Reprenons l’exemple de notre système de prévention des accidents et maladies professionnelles en entreprise pour rappeler qu’il repose notamment sur une concertation entre employeurs et salariés.

Il s’avère que tous les seuils sociaux imposant la désignation de représentants du personnel sont passés en classification réglementaire ce qui veut dire que leur modification pourra désormais intervenir, en dehors de tout débat parlementaire, par simple décret.

Le rapport Attali préconise un seuil de 100 salariés pour la mise en place d’un comité d’entreprise et donc d’un CHSCT au lieu du seuil de 50 aujourd’hui pratiqué.

La CGPME voudrait, quant à elle, se défaire des délégués du personnel qui font office de CHSCT jusqu’à 25 temps plein alors que le seuil est de 11 salariés à temps plein actuellement.

Ce sont là deux signes avant-coureur d’une déréglementation qui ne peut qu’avoir des répercussions néfastes sur la santé au travail.

Rappelons qu’en France, en 2005, la branche "Accidents du travail et Maladies professionnelles" de la Caisse nationale d’assurance-maladie a indemnisé 1,4 million d’accidents du travail dont près de 700 000 ont donné lieu à un arrêt de travail.

En 2003, près de 35 000 cas de maladies professionnelles ont été reconnus en France.

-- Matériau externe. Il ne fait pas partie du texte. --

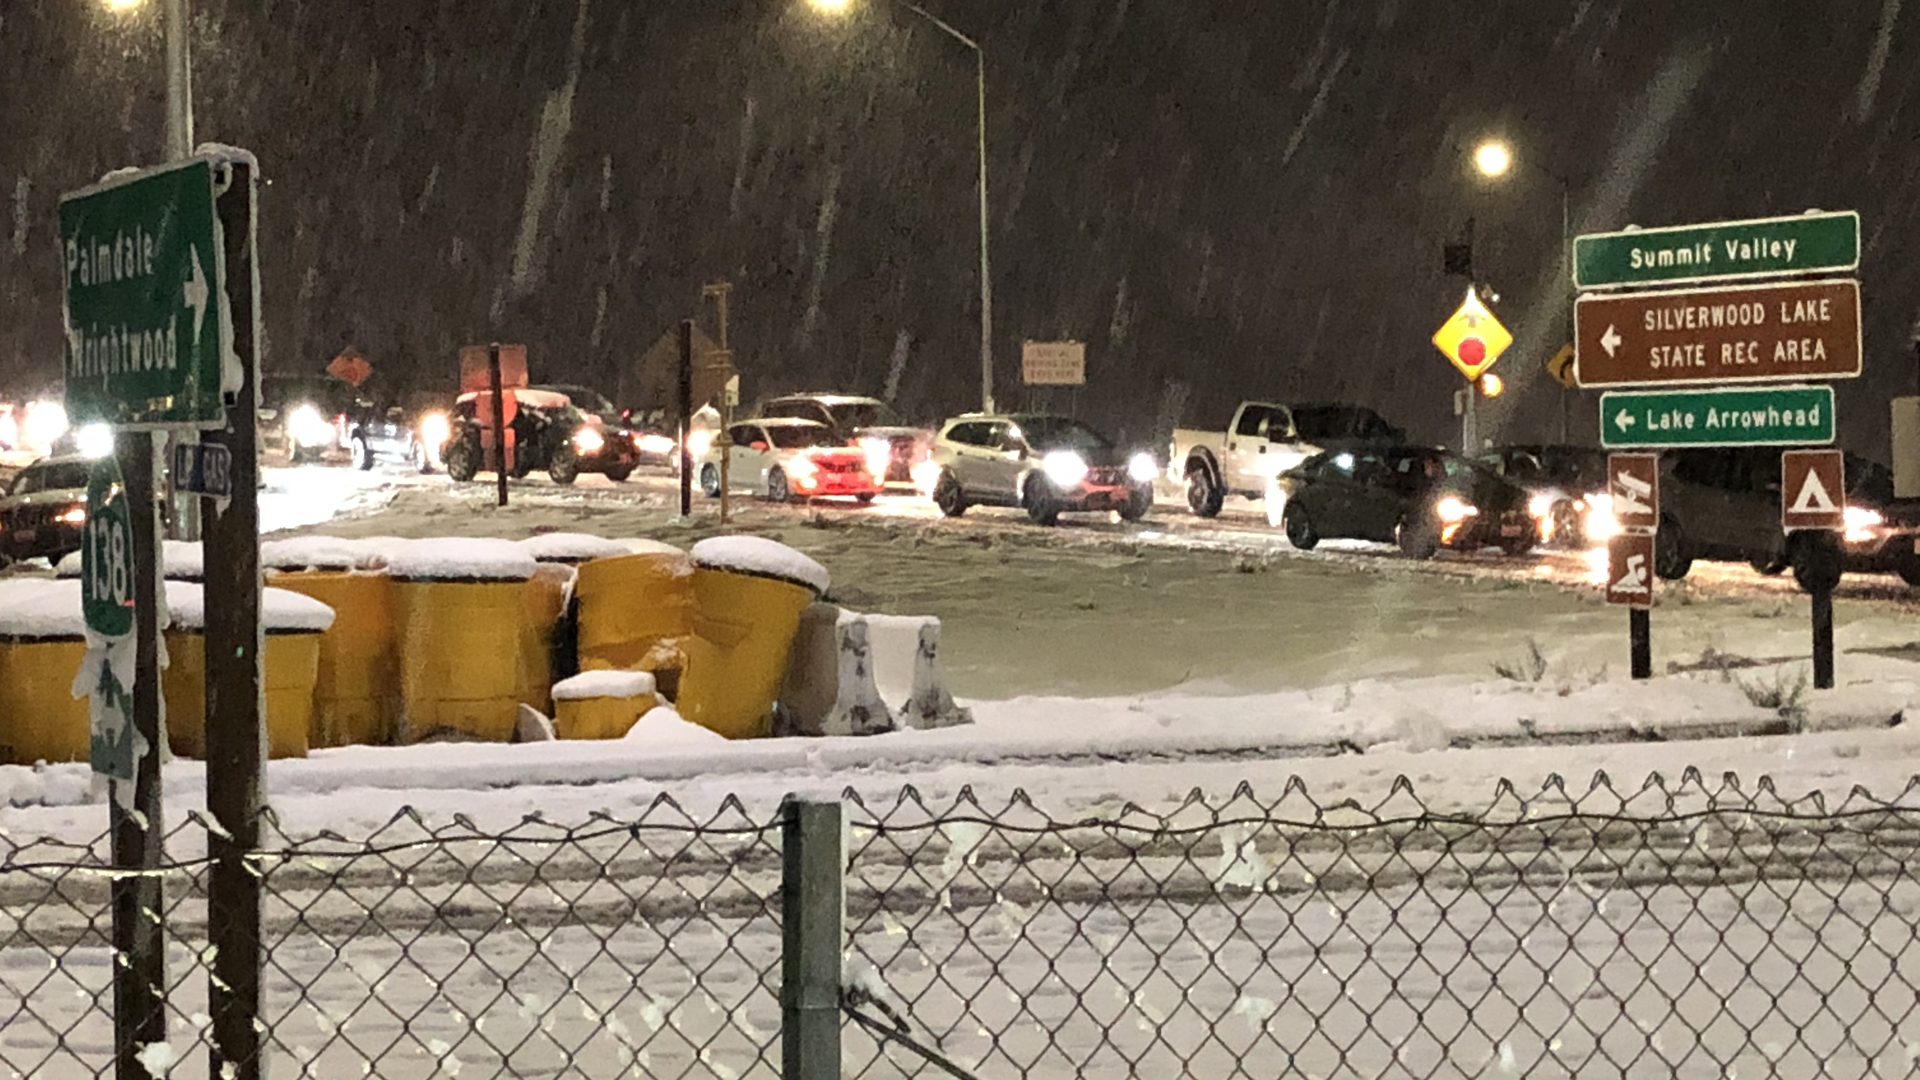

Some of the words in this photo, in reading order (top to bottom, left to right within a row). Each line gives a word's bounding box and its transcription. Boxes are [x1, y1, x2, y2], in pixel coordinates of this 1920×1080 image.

[67, 223, 154, 288] Palmdale
[1630, 243, 1711, 269] Summit
[1725, 238, 1797, 262] Valley
[1645, 303, 1765, 330] SILVERWOOD
[1781, 299, 1831, 322] LAKE
[1650, 345, 1705, 368] STATE
[1721, 341, 1759, 364] REC
[1774, 338, 1826, 362] AREA
[1647, 409, 1695, 429] Lake
[1706, 404, 1819, 429] Arrowhead
[89, 516, 127, 606] 138

En 1998, seuls 15 000 avaient été déclarés.

Alors que les organisations syndicales, face à ce gâchis, revendiquent la mise en place de CHSCT de bassin d’emplois, précisément pour couvrir le nombre considérable de salariés de petites entreprises qui ne peuvent actuellement s’exprimer sur leurs conditions de travail, le gouvernement ne cesse de contourner les dispositifs existants.

Il en est ainsi dans les pôles de compétitivité où, par le jeu de la "mise à disposition" sur des sites de recherche de salariés qui ne relèvent plus des dispositions protectrices de leurs entreprises d’origine, on laisse sans représentation des salariés travaillant dans des domaines hautement sensibles comme les nanotechnologies. (Voir les questionnements des salariés du pôle Minalogic.)

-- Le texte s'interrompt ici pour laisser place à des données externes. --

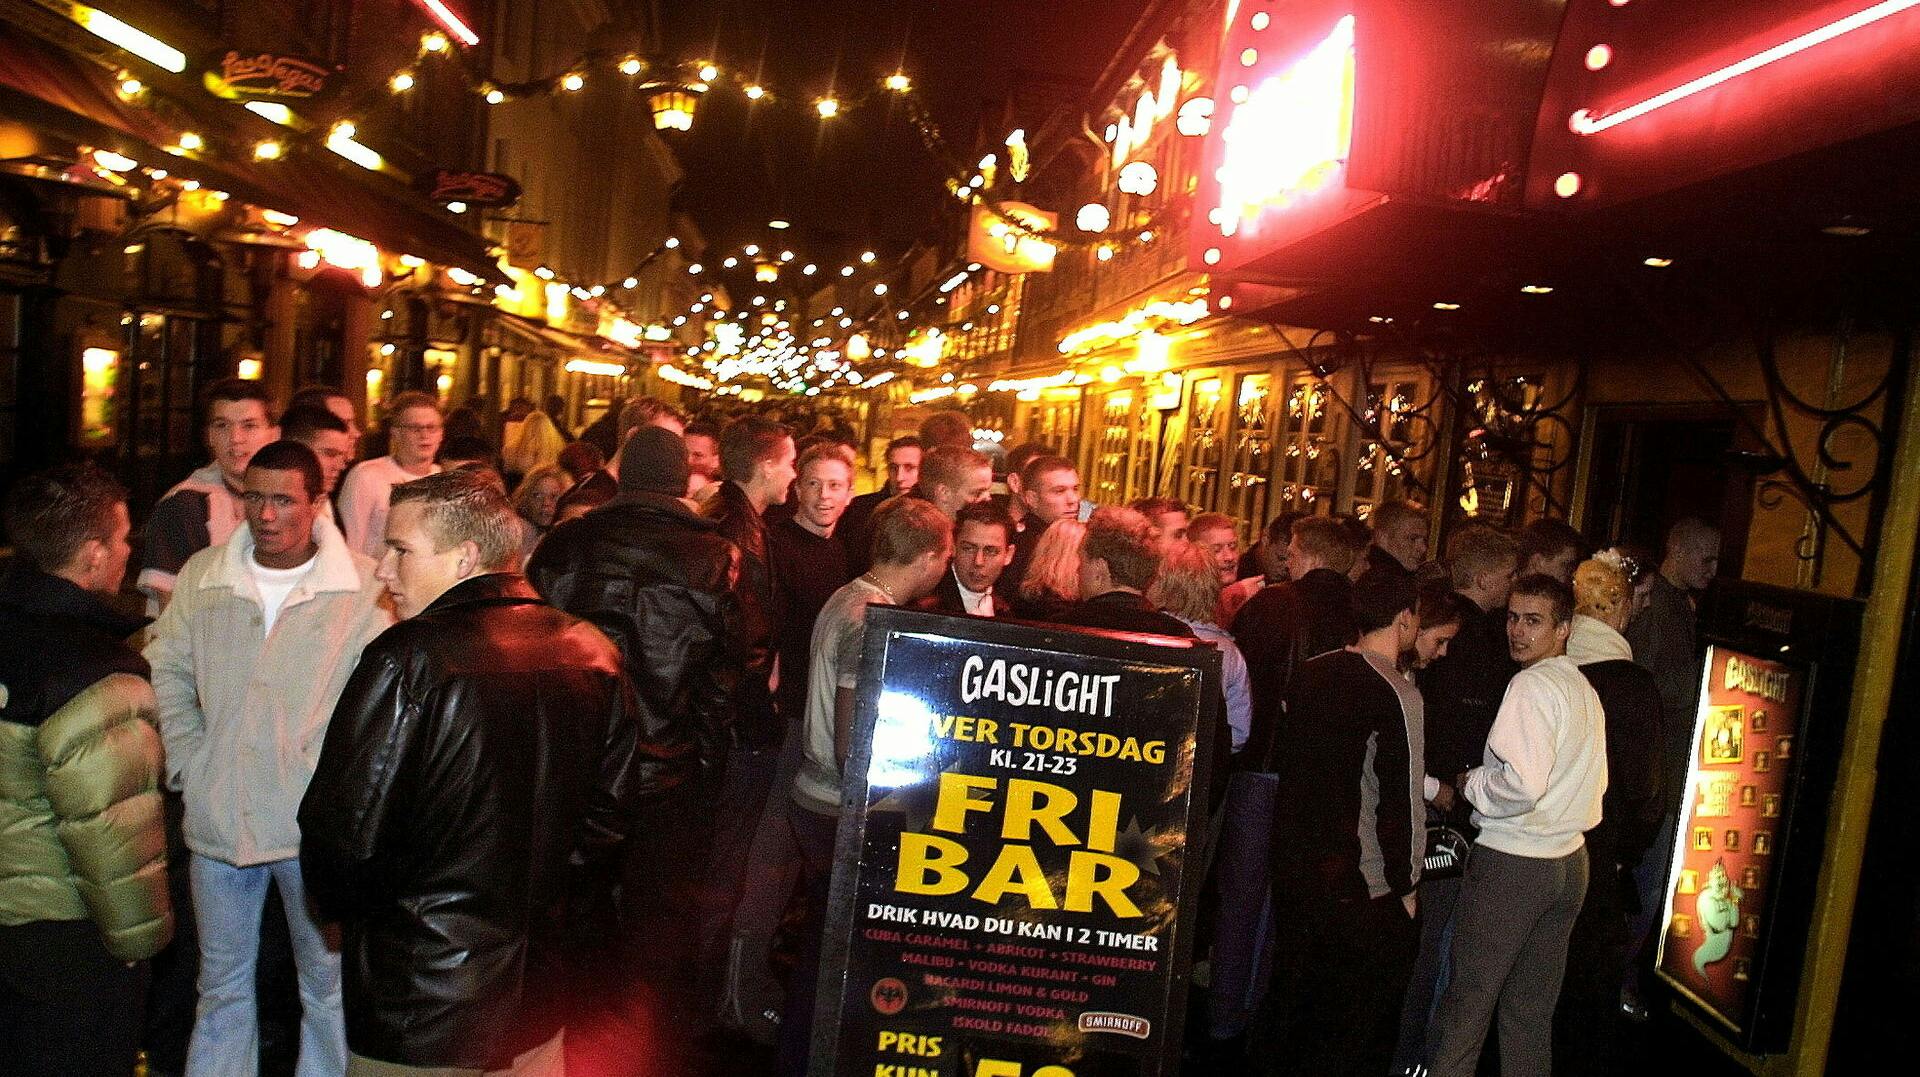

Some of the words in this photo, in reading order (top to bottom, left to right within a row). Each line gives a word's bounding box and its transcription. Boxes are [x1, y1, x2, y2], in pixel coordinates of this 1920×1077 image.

[931, 714, 999, 745] VER
[1008, 722, 1166, 765] TORSDAG
[1022, 752, 1078, 775] 21-23
[932, 772, 1122, 853] FRI
[894, 831, 1144, 918] BAR
[867, 903, 918, 924] DRIK
[921, 910, 980, 931] HVAD
[983, 917, 1014, 936] DU
[1017, 921, 1062, 941] KAN
[1066, 926, 1074, 943] I
[1077, 928, 1091, 945] 2
[1095, 930, 1159, 952] TIMER
[904, 932, 970, 950] CARAMEL
[1061, 952, 1158, 972] STRAWBERRY
[901, 952, 954, 968] MALIBU
[968, 960, 1017, 976] VODKA
[1092, 974, 1117, 987] GIN
[987, 981, 1033, 996] LIMON
[1051, 989, 1089, 1003] GOLD
[943, 996, 1010, 1014] SMIRNOFF
[1016, 1004, 1066, 1020] VODKA
[952, 1016, 1003, 1033] ISKOLD
[1086, 1016, 1143, 1033] SMIRNOFF
[878, 1031, 943, 1057] PRIS
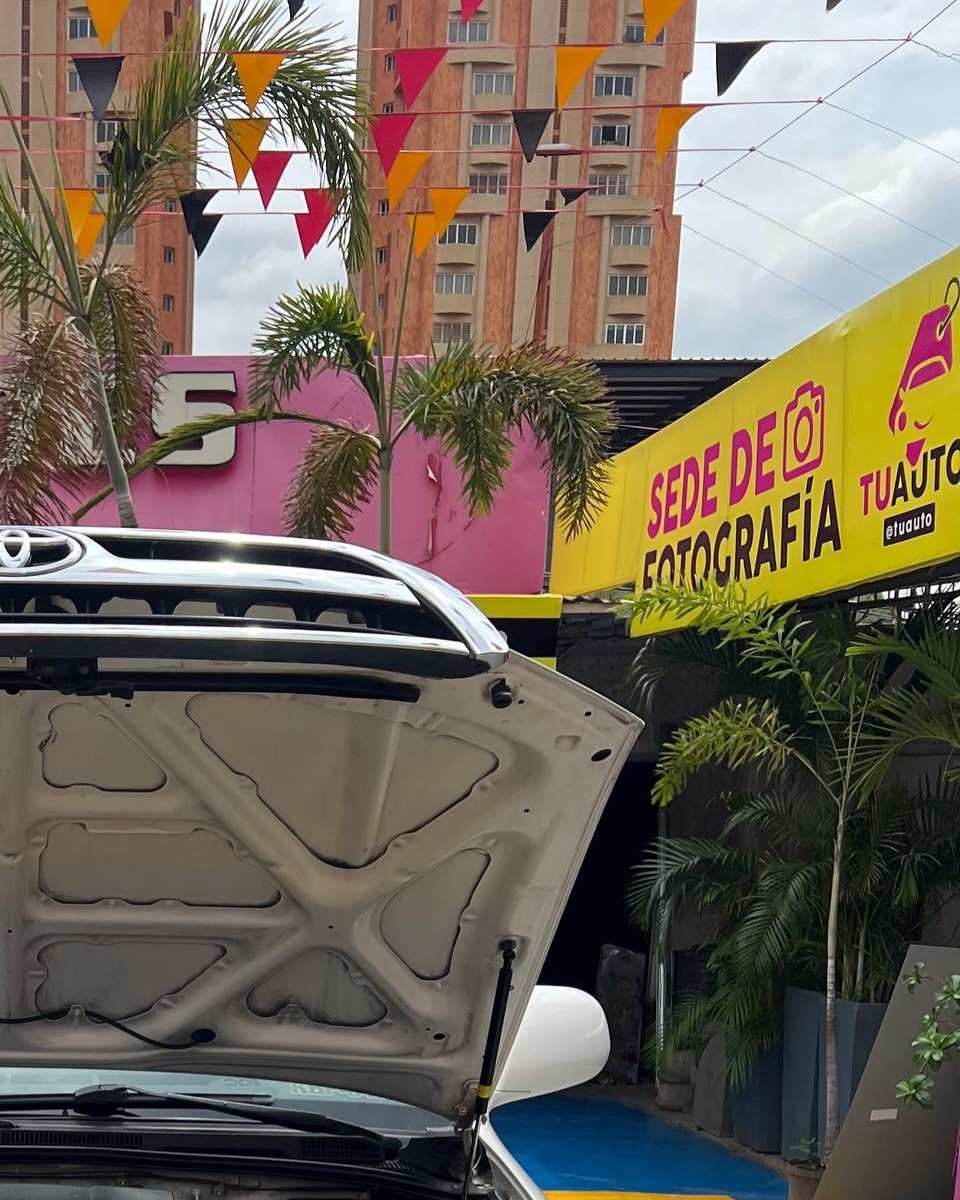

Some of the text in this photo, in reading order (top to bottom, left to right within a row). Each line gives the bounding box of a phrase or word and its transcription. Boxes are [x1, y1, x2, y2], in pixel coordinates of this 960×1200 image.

[642, 475, 842, 593] FOTOGRAFÍA
[647, 410, 777, 540] SEDE DE
[885, 512, 933, 540] @tuauto

Dans un tel contexte, la détermination du seuil de mise en place d’un CHSCT par voie réglementaire et non législative n’est évidemment pas neutre.

Autre difficulté notoire, la question de la durée du travail, car cette durée a évidemment des incidences sur la santé au travail.

Comme je l’avais indiqué dans un précédent article force est de constater, statistiques à l’appui, qu’il y a un écart d’espérance de vie moyen de 7 ans entre un cadre qui part à la retraite et un ouvrier.

Il y a donc un certain cynisme à offrir à ces derniers de « travailler plus pour gagner plus » sauf à vouloir que, perdant la vie avant la retraite ou peu après, la masse des « sans-grade » ne pèse pas sur le financement des retraites de ceux qui n’ont pas connu la « pénibilité » du travail.

Or, qu’observe-t-on ? la durée légale du travail figurait dans le livre II relatif aux conditions de travail de l’ancien code car cette durée était considérée sous l’angle de la santé. Ce domaine est désormais abordé sous la rubrique salariale.

Comme le relève Gérard Filoche « la durée maximale du travail doit-elle être encadrée selon les besoins biologiques, sociaux, collectifs des salariés ou laissée aux seules exigences de productivité des employeurs ? »

Au moment où les organisations syndicales constatent qu’au terme de 5 ans de tergiversations patronales (2003-2008) il est impossible d’aboutir à un accord sur la prévention et la réparation de la pénibilité du travail, la nouvelle nomenclature du code du travail ne peut que susciter des interrogations sur l’idéologie qui la sous-tend.